- _THE TASK_:
The data below should be copied over with complete accuracy.

Items listed in a dataset
□ □ □ □ □
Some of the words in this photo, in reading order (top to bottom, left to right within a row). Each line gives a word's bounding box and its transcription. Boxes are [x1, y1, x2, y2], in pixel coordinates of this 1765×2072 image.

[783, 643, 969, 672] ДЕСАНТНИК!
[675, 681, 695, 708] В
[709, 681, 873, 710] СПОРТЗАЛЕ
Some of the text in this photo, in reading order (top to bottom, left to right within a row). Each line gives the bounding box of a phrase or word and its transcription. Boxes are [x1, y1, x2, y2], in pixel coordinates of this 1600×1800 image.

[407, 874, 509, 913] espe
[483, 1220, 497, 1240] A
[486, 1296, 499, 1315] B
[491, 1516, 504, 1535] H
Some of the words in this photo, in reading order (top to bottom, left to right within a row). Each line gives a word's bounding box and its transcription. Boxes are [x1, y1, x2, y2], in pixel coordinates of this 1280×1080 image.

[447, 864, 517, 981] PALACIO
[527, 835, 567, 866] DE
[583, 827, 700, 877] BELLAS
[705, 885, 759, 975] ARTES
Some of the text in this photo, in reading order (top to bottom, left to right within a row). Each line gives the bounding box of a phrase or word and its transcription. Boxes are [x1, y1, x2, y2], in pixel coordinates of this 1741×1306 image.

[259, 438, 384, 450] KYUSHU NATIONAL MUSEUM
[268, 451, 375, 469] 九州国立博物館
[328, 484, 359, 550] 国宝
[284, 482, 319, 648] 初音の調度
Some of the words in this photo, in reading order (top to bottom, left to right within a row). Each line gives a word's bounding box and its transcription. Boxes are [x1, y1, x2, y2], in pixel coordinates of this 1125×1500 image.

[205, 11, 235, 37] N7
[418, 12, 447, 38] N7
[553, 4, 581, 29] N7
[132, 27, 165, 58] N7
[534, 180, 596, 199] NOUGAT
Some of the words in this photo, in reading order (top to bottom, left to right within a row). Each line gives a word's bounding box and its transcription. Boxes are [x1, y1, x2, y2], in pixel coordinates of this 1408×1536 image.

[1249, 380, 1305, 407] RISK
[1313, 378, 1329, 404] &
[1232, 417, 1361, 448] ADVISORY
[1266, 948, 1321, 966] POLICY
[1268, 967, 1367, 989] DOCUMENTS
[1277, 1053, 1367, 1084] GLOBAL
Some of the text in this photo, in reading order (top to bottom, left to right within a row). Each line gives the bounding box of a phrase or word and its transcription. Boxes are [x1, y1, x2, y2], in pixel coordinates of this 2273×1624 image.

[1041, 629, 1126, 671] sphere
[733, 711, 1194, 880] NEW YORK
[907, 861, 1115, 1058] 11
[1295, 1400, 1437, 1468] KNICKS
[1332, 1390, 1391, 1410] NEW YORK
□ □ □ □ □
- _EXERCISE OUTPUT_:
Some of the words in this photo, in reading order (top to bottom, left to right within a row). Each line gives a word's bounding box and its transcription. Boxes are [x1, y1, x2, y2], in pixel coordinates of this 1765×2072 image.

[783, 643, 969, 672] ДЕСАНТНИК!
[675, 681, 695, 708] В
[709, 681, 873, 710] СПОРТЗАЛЕ
Some of the text in this photo, in reading order (top to bottom, left to right within a row). Each line gives the bounding box of a phrase or word and its transcription. Boxes are [x1, y1, x2, y2], in pixel coordinates of this 1600×1800 image.

[407, 874, 509, 913] espe
[483, 1220, 497, 1240] A
[486, 1296, 499, 1315] B
[491, 1516, 504, 1535] H
Some of the words in this photo, in reading order (top to bottom, left to right within a row). Each line gives a word's bounding box and its transcription. Boxes are [x1, y1, x2, y2], in pixel coordinates of this 1280×1080 image.

[447, 864, 517, 981] PALACIO
[527, 835, 567, 866] DE
[583, 827, 700, 877] BELLAS
[705, 885, 759, 975] ARTES
Some of the text in this photo, in reading order (top to bottom, left to right within a row). Each line gives the bounding box of a phrase or word and its transcription. Boxes are [x1, y1, x2, y2], in pixel coordinates of this 1741×1306 image.

[259, 438, 384, 450] KYUSHU NATIONAL MUSEUM
[268, 451, 375, 469] 九州国立博物館
[328, 484, 359, 550] 国宝
[284, 482, 319, 648] 初音の調度
Some of the words in this photo, in reading order (top to bottom, left to right within a row). Each line gives a word's bounding box and its transcription. Boxes are [x1, y1, x2, y2], in pixel coordinates of this 1125×1500 image.

[205, 11, 235, 37] N7
[418, 12, 447, 38] N7
[553, 4, 581, 29] N7
[132, 27, 165, 58] N7
[534, 180, 596, 199] NOUGAT
Some of the words in this photo, in reading order (top to bottom, left to right within a row). Each line gives a word's bounding box and its transcription. Boxes are [x1, y1, x2, y2], in pixel coordinates of this 1408×1536 image.

[1249, 380, 1305, 407] RISK
[1313, 378, 1329, 404] &
[1232, 417, 1361, 448] ADVISORY
[1266, 948, 1321, 966] POLICY
[1268, 967, 1367, 989] DOCUMENTS
[1277, 1053, 1367, 1084] GLOBAL
Some of the text in this photo, in reading order (top to bottom, left to right within a row). Each line gives the bounding box of a phrase or word and its transcription. Boxes are [x1, y1, x2, y2], in pixel coordinates of this 2273×1624 image.

[1041, 629, 1126, 671] sphere
[733, 711, 1194, 880] NEW YORK
[907, 861, 1115, 1058] 11
[1295, 1400, 1437, 1468] KNICKS
[1332, 1390, 1391, 1410] NEW YORK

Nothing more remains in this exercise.